Die amerikanische Polizeiserie „Brooklyn Nine-Nine“ ist in diesem Jahr nach acht Staffeln zu Ende gegangen. Wie ich mein Leben künftig ohne Charles Boyle verstehen soll, ist mir noch unklar.

Tobias Rüther

Redakteur im Feuilleton der Frankfurter Allgemeinen Sonntagszeitung in Berlin.

Charles Boyle gehört zu den neun Männern und Frauen vom 99. Revier der New Yorker Polizei, um die es in dieser Sitcom geht. Ein weißer, schmaler, kleiner Typ, der am liebsten beigefarbene Blousons trägt und kurzärmlige Hemden mit Krawatte kombiniert. Ich finde kurzärmlige Hemden untragbar, egal ob mit oder ohne Krawatte, besitze nichts in Beige und bin eher unschmale 1,87 Meter groß.

Aber trotzdem habe ich mich in meinem ganzen Leben mit keiner anderen Figur aus der Kunst so stark identifiziert wie mit diesem Charles Boyle. Ein Polizist aus Brooklyn, der mit seinen acht Kolleginnen und Kollegen vom Revier für Recht und Gerechtigkeit auf den Straßen von New York sorgt. Oder es zumindest versucht, so gut es geht. Boyle ist unter ihnen derjenige, der dafür sorgt, dass sie alle gut essen.

„Brooklyn Nine-Nine“ ist eine Produktion des amerikanischen Senders Fox, das ist auch die Heimat der „Simpsons“. Entwickelt wurde die Sitcom von Dan Goor und Michael Schur. Die beiden hatten schon in der Serie „Parks and Recreation“ ausprobiert, wie man lustige Geschichten aus einer Arbeitswelt erzählen kann, die auf den ersten Blick nicht lustig wirkt. Damals war es um die Verwaltung der fiktiven Stadt Pawnee in Indiana gegangen, aber auch um Idealismus, Freundschaft, gesellschaftliches Engagement und politische Teilhabe: eine komplett unzynische Serie.

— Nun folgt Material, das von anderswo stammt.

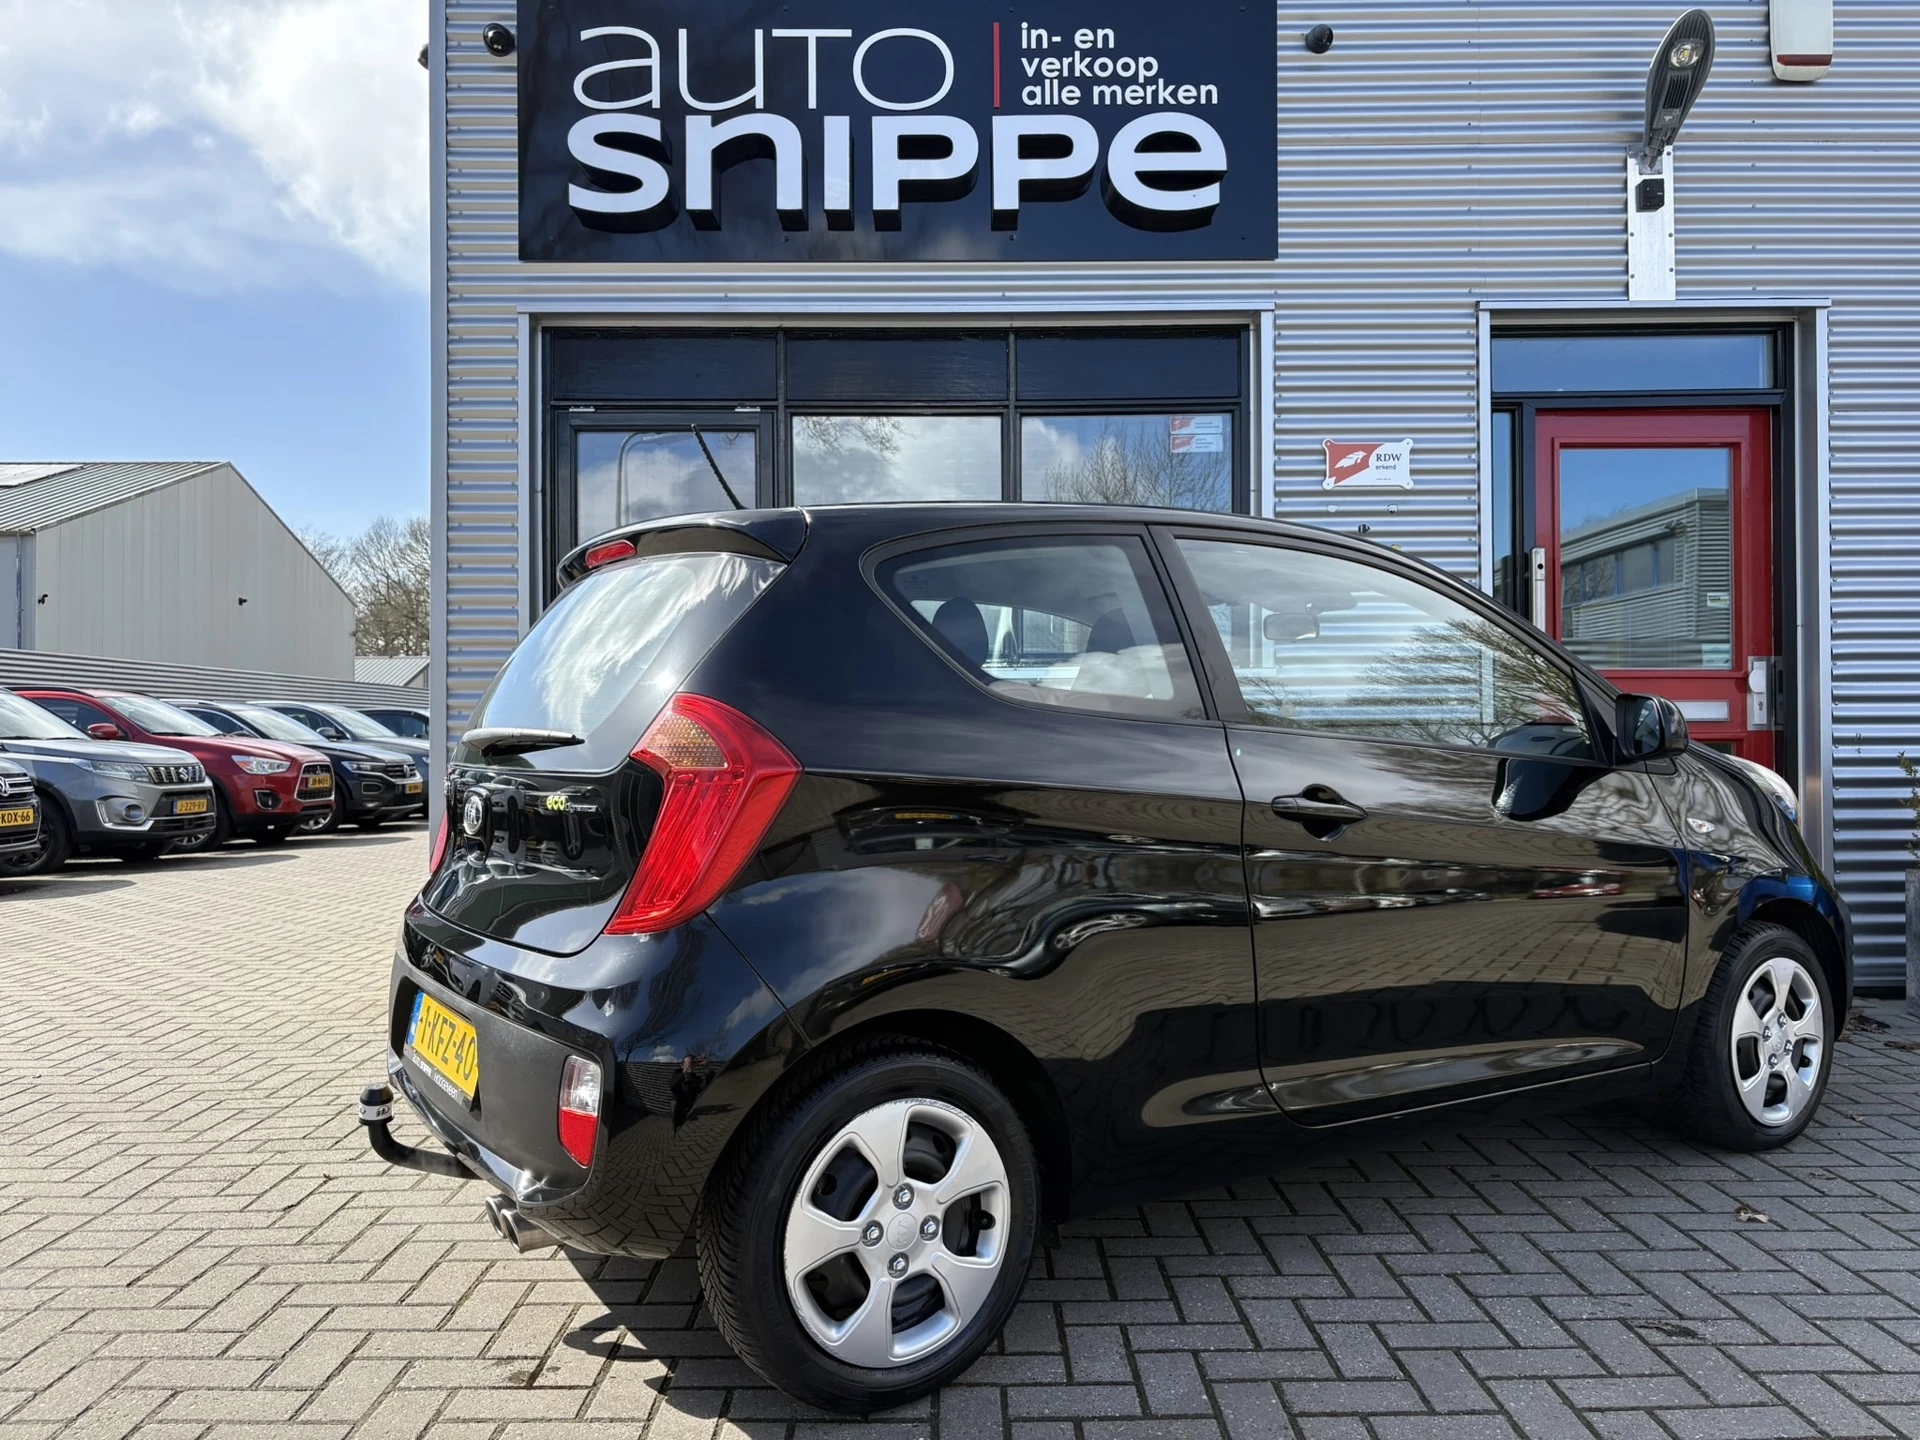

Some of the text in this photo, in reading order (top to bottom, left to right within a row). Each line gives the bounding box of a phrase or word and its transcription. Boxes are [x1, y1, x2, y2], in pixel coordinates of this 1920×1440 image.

[1021, 21, 1115, 49] in- en
[1021, 50, 1159, 83] verkoop
[1022, 78, 1218, 106] alle merken
[1376, 453, 1402, 462] RDW

Schurs und Goors „Brooklyn Nine-Nine“ ist jetzt sicher nicht die erste Serie, die Ähnliches mit der Polizei versucht, also: Humor zu finden, wo nichts zum Lachen ist, weil Verbrechen geschehen. Das Format „Schmunzelkrimi“ ist ja gerade aus dem deutschen Vorabendfernsehen bekannt als eine bodenlose Hölle von Schmalwitzen und Harmlosigkeitsterror.

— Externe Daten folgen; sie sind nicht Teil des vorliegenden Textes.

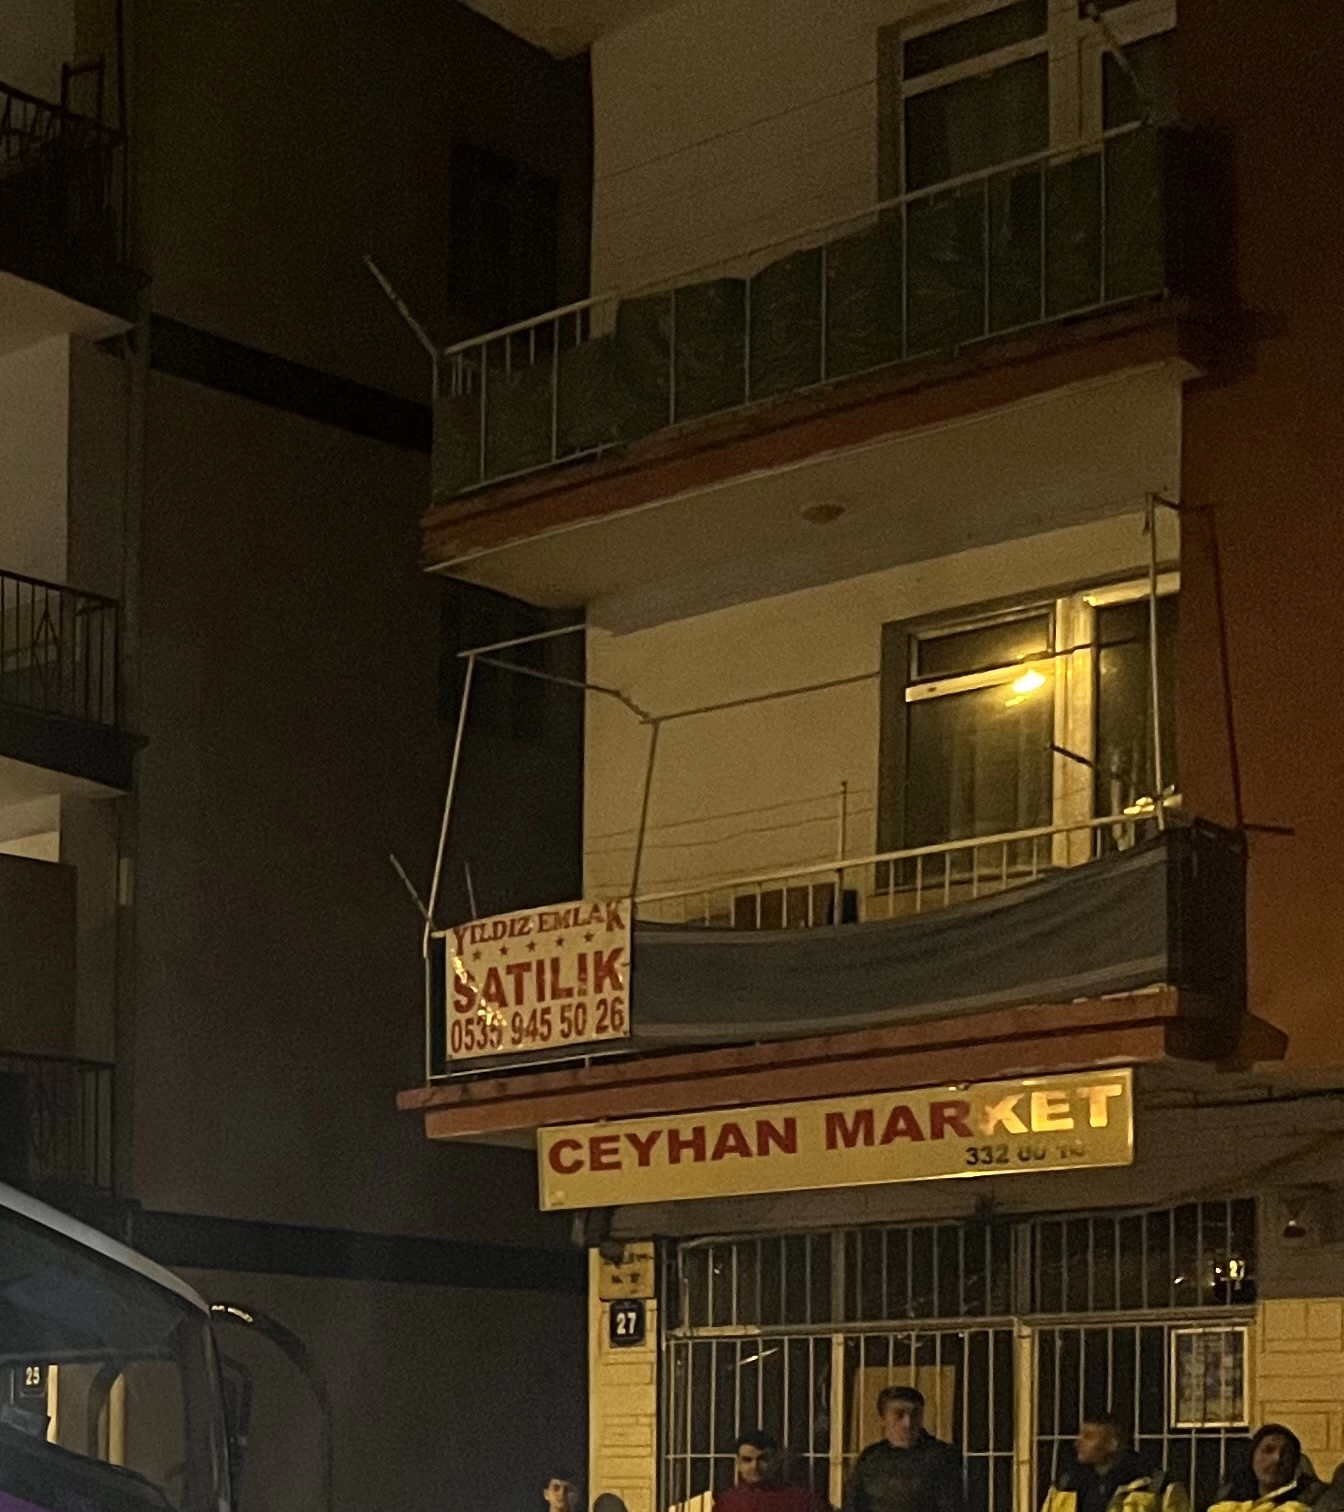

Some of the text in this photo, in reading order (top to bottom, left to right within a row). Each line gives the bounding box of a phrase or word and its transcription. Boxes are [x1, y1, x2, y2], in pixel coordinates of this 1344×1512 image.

Aber „Brooklyn Nine-Nine“ war da von Anfang an anders. Anti-schmunzelig. Extrem verspielt. Gesättigt mit Referenzen. Warmherzig und beknackt, wenn es zu weise wurde, und unsentimental und manchmal sogar einfach nur ehrlich ratlos beim Konflikt zwischen Macht und Moral.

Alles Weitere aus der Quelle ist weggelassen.